Streaming Audio in Linux
With the recent popularization of multimedia and the ever decreasing cost of hardware, the use of sound by developers in new applications is becoming more appealing each day. Sound can flavor a game, help in the user interface of a word processor, and more, making using a computer more fun and/or more effective.
There are two different forms of sound generation in the common sound boards. The first one is used primarily for music, through a MIDI interface and FM generators. The idea is to synthesize, artificially or by some previous recording samples, the occurrence of different instruments at different times. The second approach is to use digital audio signals, which can represent any sound, from a bird chirp to a human voice—even musical signals.
The human auditory system perceives differences in the pressure of the air that reaches it. When we pluck a guitar string, for example, it starts to vibrate. This movement propagates through the air in waves of compression and decompression, just as we can see waves over a lake's surface when we throw a small rock into it.

Figure 1. Human Auditory System
Figure 1 shows a detailed representation of the human auditory system, which processes and decomposes the incoming sound before sending the information to the brain. There is a lot of literature about processing human speech (see References 1 and 2), however, I'll give just a little of the basics rather than going into too much detail about the bio-medical considerations.
We “understand” fast oscillations of the air as sharp sounds and slow oscillations as bass sounds. When different oscillations are mixed together, we may lose this “musical” connotation. It is hard to classify the sound of a gun or the crash of a glass. Nevertheless, there are some mathematical tools able to decompose an arbitrary sound into a set of simple oscillations (e.g., Fourier Analysis), but these tools are quite beyond the scope of this article (see Reference 3).
A simple mathematical method for the representation of a sound phenomenon is the use of a function that describes it. This function is responsible for relating the intensity of the air pressure over a period of time. This approach is commonly called temporal representation and is also obtained when using electronic transducers (like microphones), which map electric voltages instead of air pressures over time. At the end of electronic processing, such as recording or amplifying, another transducer (a speaker, for example) is responsible for obtaining the air pressures from the electric intensities so that we can hear them.

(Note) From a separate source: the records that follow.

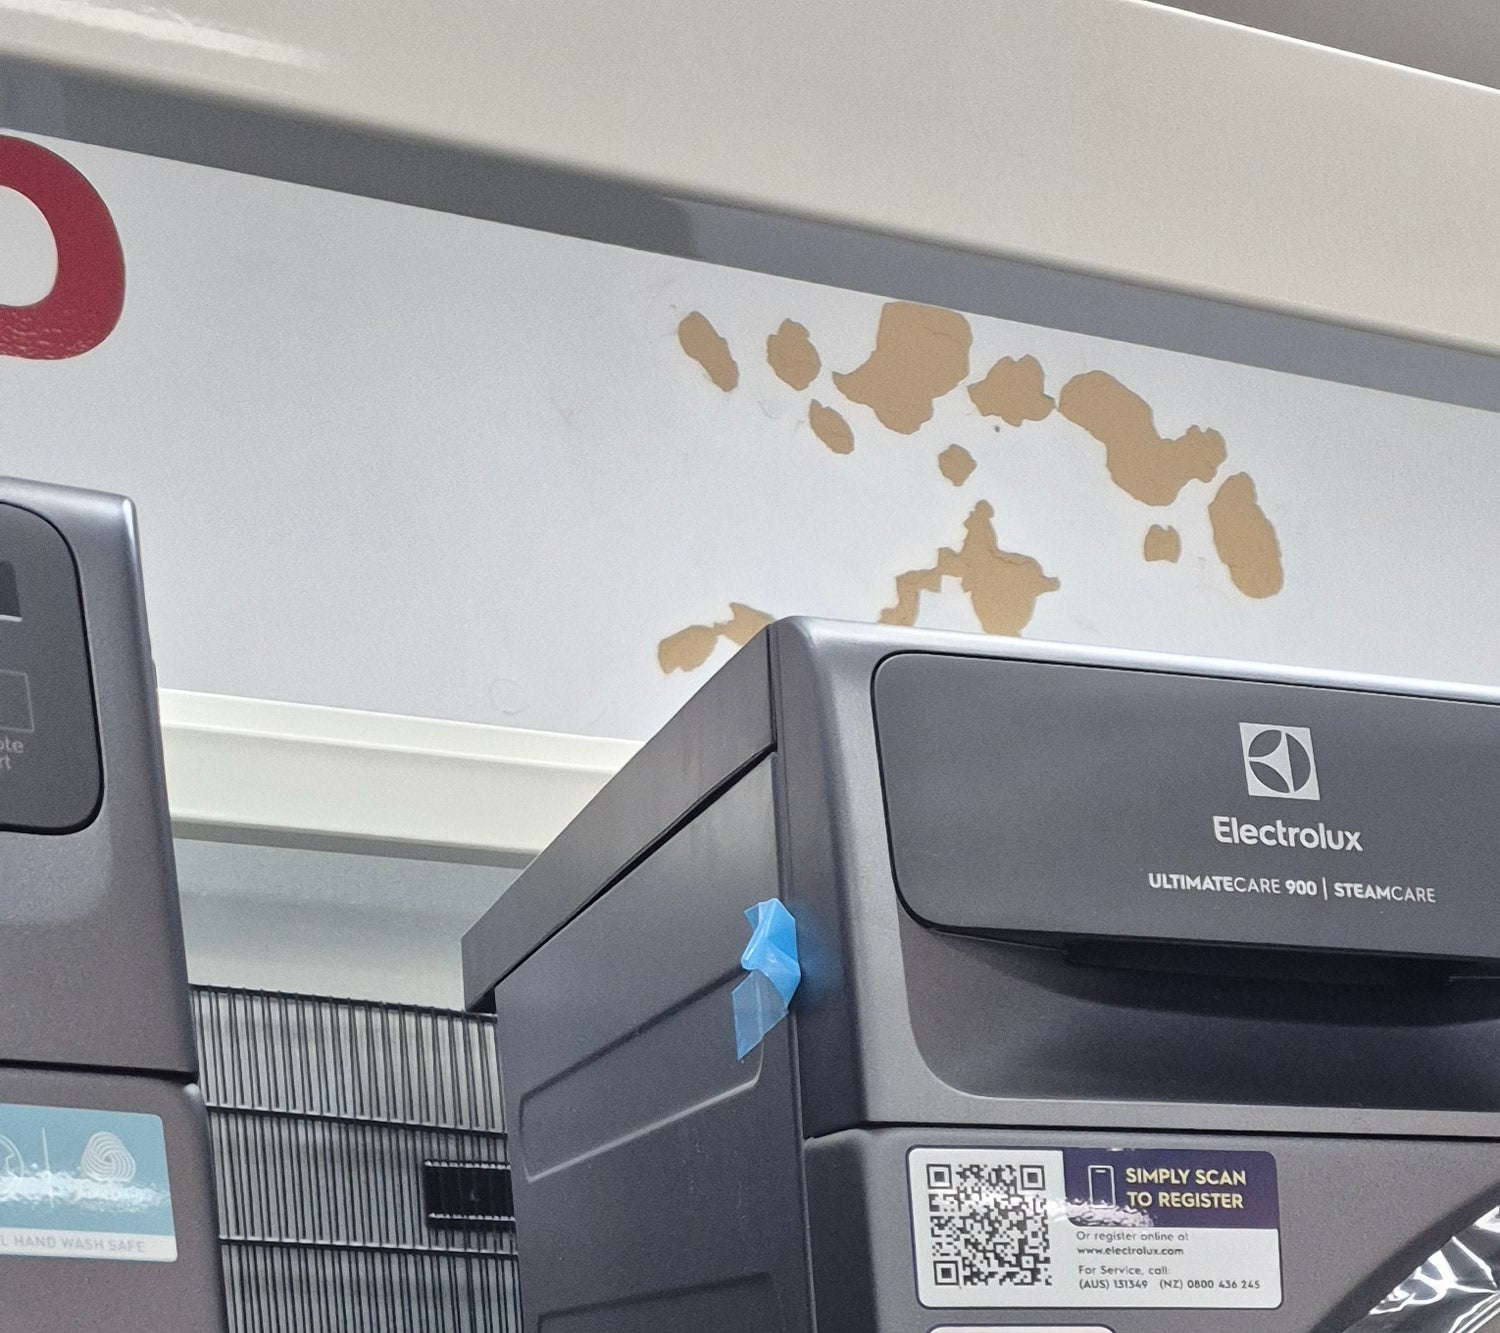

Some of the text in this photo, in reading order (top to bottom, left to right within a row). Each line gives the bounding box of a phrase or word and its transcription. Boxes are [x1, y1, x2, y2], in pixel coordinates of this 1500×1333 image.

[1212, 816, 1363, 851] Electrolux
[1148, 873, 1280, 894] ULTIMATECARE
[1285, 880, 1317, 896] 900
[1334, 882, 1436, 903] STEAMCARE
[1126, 1168, 1246, 1186] SIMPLY SCAN
[1128, 1191, 1243, 1209] TO REGISTER
[14, 1235, 56, 1248] HAND
[61, 1238, 103, 1250] WASH
[108, 1239, 145, 1252] SAFE
[1076, 1231, 1189, 1242] Or register online at
[1077, 1247, 1184, 1256] www.electrolux.com
[1078, 1266, 1096, 1274] For
[1100, 1266, 1144, 1275] Service,
[1079, 1279, 1148, 1289] (AUS) 131349
[1160, 1280, 1260, 1290] (NZ) 0800 436 245
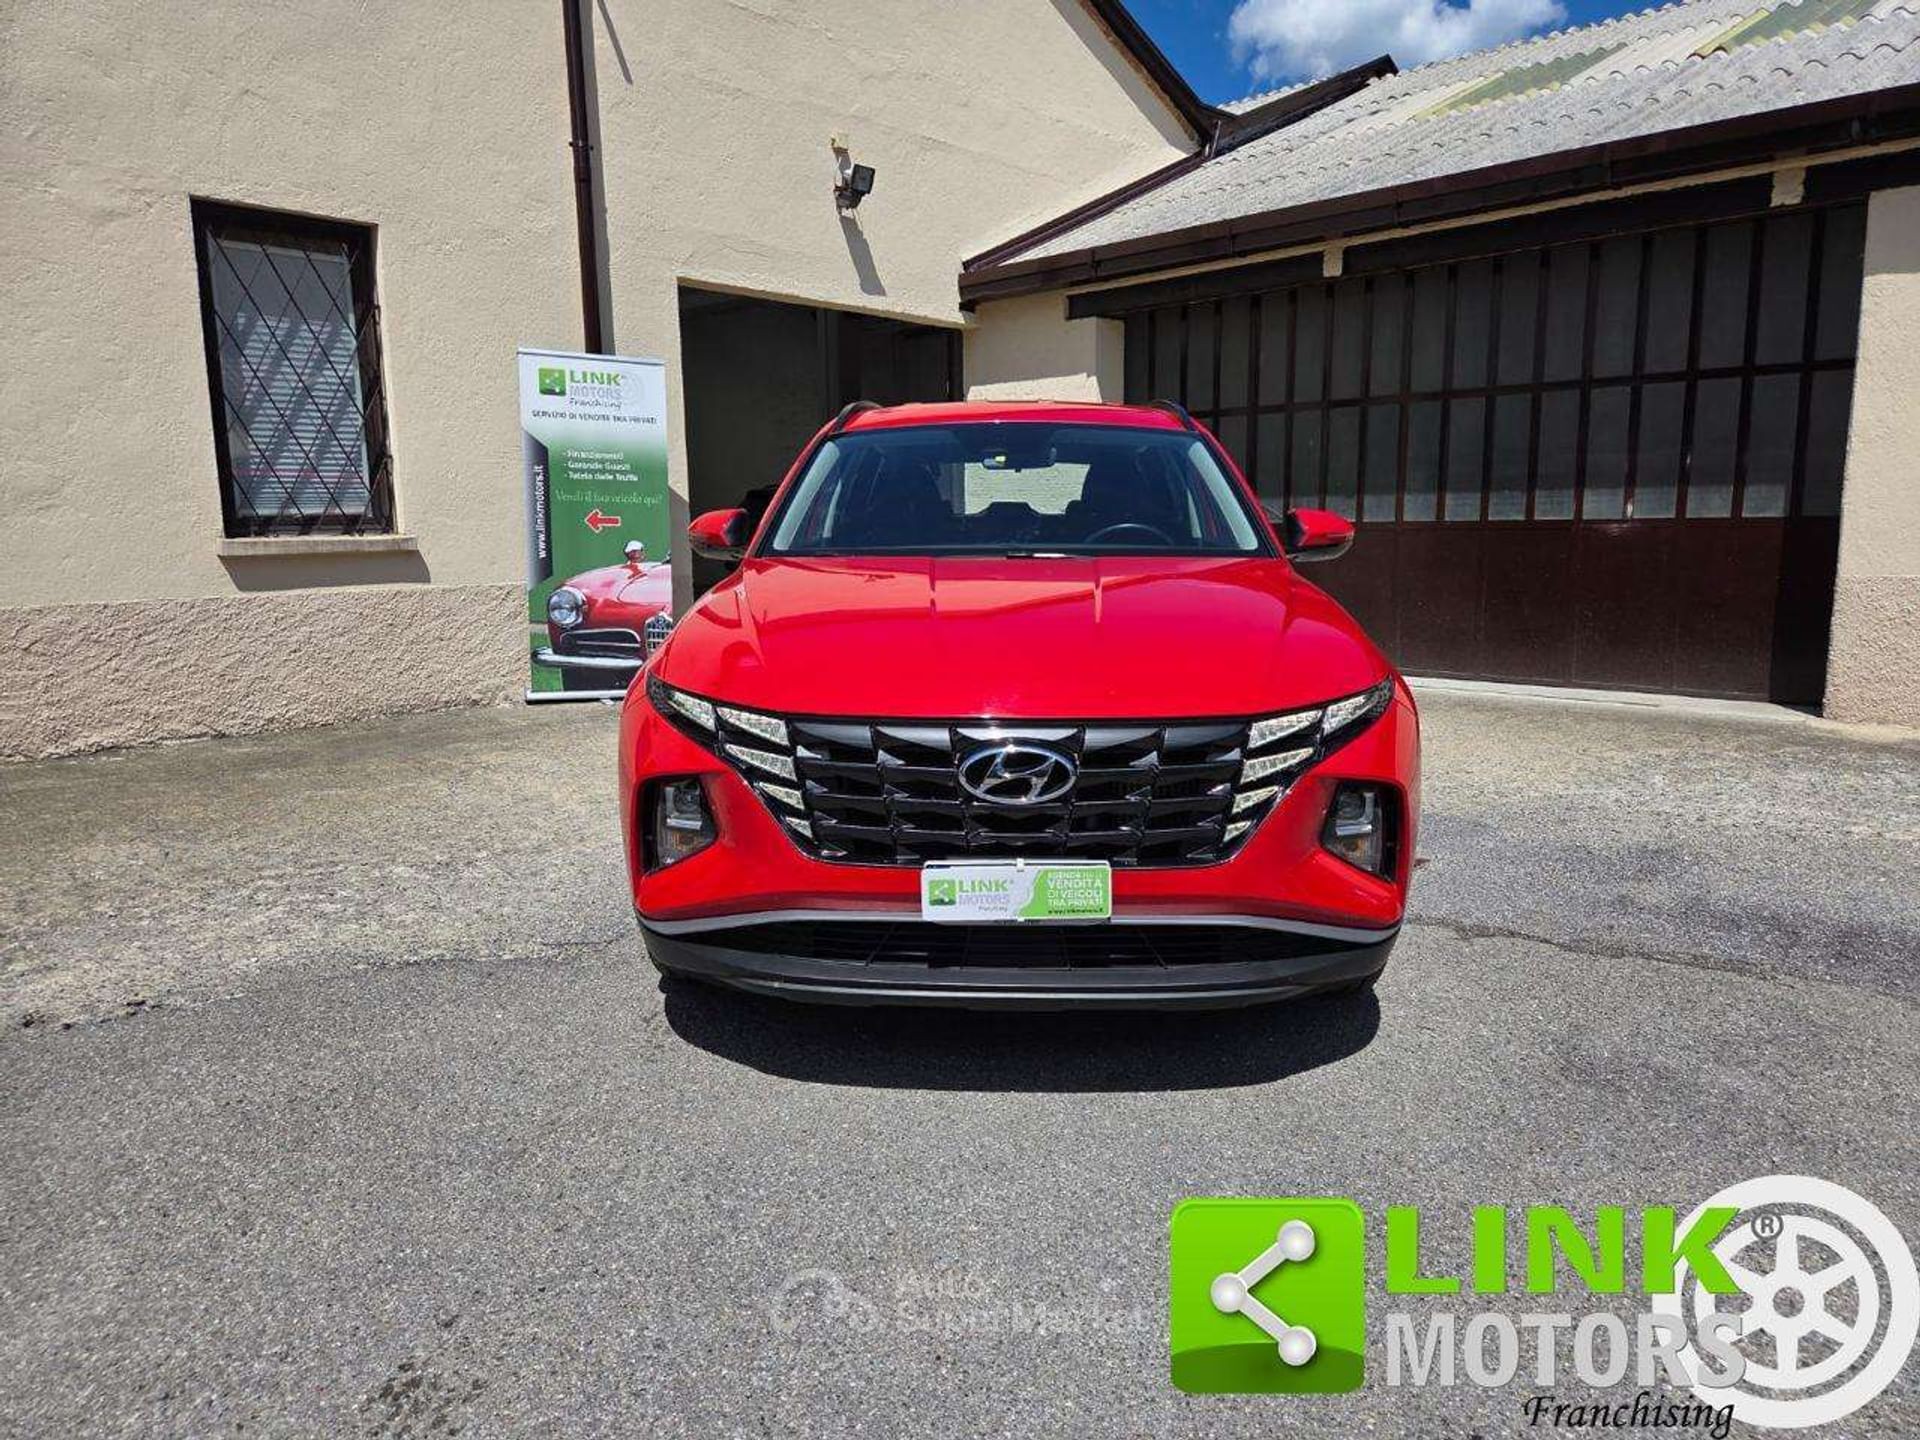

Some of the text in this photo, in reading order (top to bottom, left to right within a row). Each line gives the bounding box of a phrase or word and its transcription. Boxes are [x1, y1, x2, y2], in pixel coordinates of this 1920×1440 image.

[570, 370, 621, 386] LINK
[570, 386, 622, 400] MOTORS
[959, 879, 1009, 893] LINK
[1047, 879, 1102, 889] VENDITA
[959, 894, 1009, 905] MOTORS
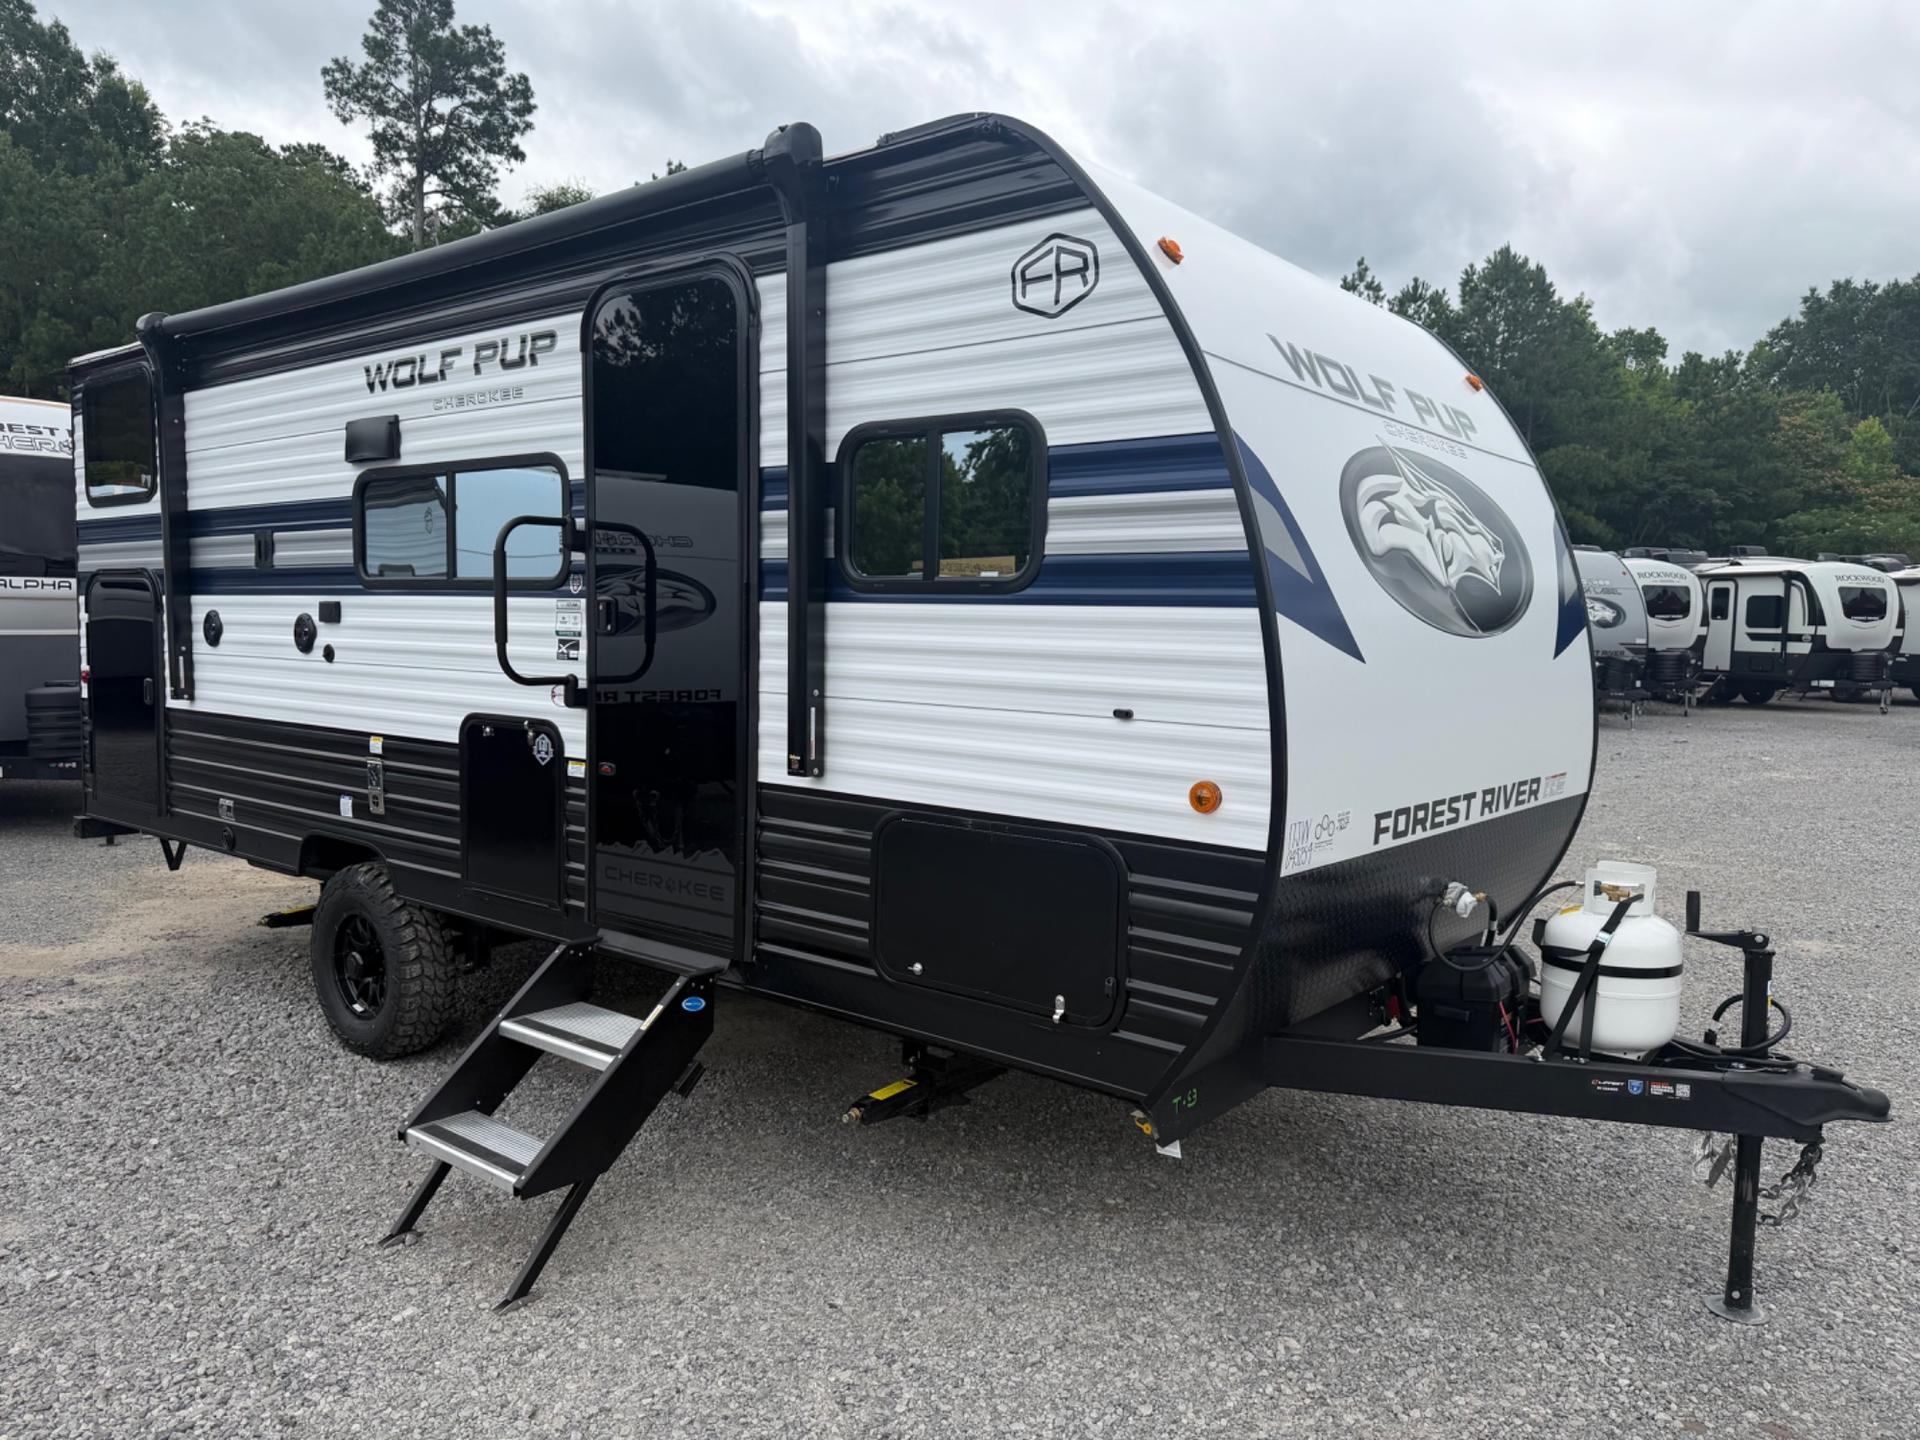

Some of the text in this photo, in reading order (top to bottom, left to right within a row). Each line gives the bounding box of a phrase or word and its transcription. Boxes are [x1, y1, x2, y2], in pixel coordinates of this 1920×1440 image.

For analog electronics this model is good enough; however, for the use of modern digital computers or DSPs (special devices for signal processing), there is one problem—how to keep and process the infinite information, contained in even a small interval of a function, in a limited amount of memory.
We have to work with digital audio, obtained from the continuous mathematic functional model, through two steps: sampling and quantization. The sampling step represents the domain of the function with only a limited number of points. This is usually done through uniform punctual sampling; in other words, we keep the value of the function only at some points, equally spaced from each other. It is clear that some loss of information may occur if by any chance the function varies too much between two adjacent samples (see Figure 2).

Figure 2. Digital Audio Function
The number of samples taken at each second, the sampling rate, should be chosen with care. The Shannon Theorem states that if the sampling is done twice as fast as the “fastest oscillation” of the signal then it is possible to recover the original sound; this is called the Nyquist frequency sampling rate.
It is important to have a good idea of the type of signal that you are processing, in order to choose an appropriate sampling rate. Large sampling rates give better quality, but also require more memory and computer power to process and store.
The quantization step sets the value of the function at each discrete sample. A simple approach would be to use a float, thus requiring four bytes per sample. In general this is far beyond the required quality, and people use either one byte (unsigned character) or two byte samples (signed word).
Let's compare two concrete examples to see how these choices can dramatically change the required amount of memory to keep and process the sounds. On a compact disk the audio is stereo (two different tracks, left and right), at 44,100 samples per second, using two bytes to keep each sample. One minute of it will require: 2 X (60 X 44,100) X 2 = 10.5MB of storage.
In the case of voice mail or a telephone-based system where the controlling computer requires playback to the user, these numbers are quite different. There is no need for so many samples, since the phone lines have a serious quality limitation, usually these systems take 8000 samples per second, use only one channel (mono) and keep only one byte per sample. In the same way, for one minute we will need: 1 X (60 X 8000) X 1, about 480KB of information.